**WORK TO BE COMPLETED:** Make a verbatim copy of the records; pictures stay out.
----
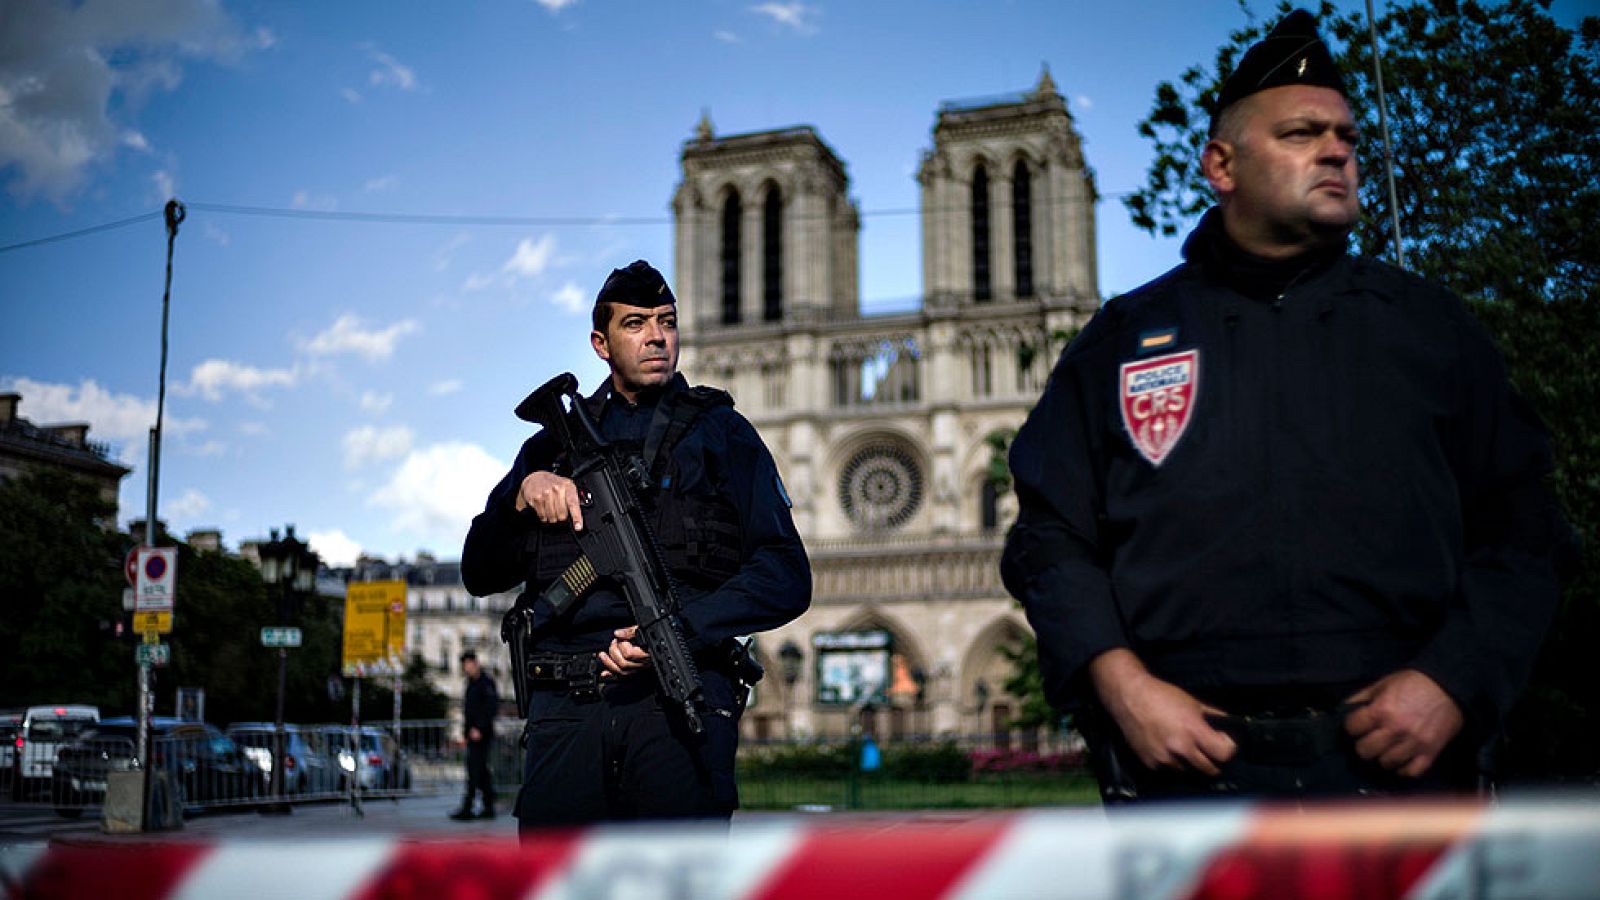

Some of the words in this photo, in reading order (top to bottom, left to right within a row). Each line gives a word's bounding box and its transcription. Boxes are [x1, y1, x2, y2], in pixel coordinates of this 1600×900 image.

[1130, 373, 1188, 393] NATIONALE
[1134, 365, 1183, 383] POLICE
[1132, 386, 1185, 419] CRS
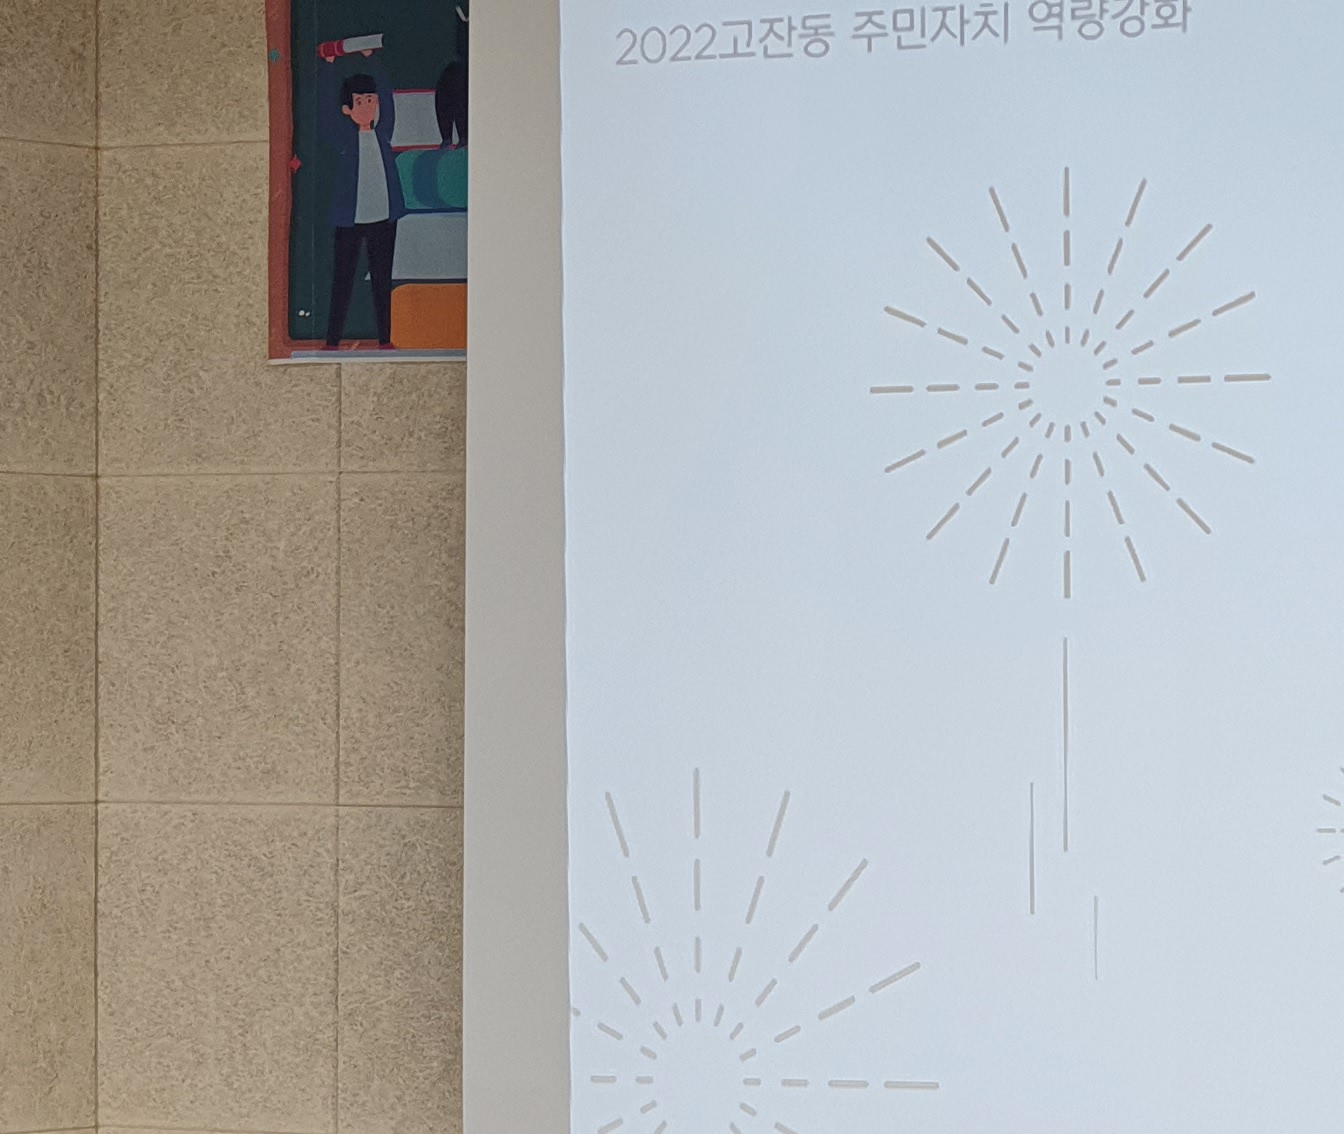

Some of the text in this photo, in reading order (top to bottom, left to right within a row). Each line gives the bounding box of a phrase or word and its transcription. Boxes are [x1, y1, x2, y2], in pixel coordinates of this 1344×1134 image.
----
**ANSWER BOX:**
Some of the words in this photo, in reading order (top to bottom, left to right within a row). Each line gives a word's bounding box and its transcription. Boxes are [x1, y1, x2, y2], in pixel coordinates of this 1600×900 image.

[1130, 373, 1188, 393] NATIONALE
[1134, 365, 1183, 383] POLICE
[1132, 386, 1185, 419] CRS

Some of the text in this photo, in reading order (top to bottom, left to right within a row). Each line gives the bounding box of a phrase or word and its transcription. Boxes are [x1, y1, x2, y2], in pixel coordinates of this 1344×1134 image.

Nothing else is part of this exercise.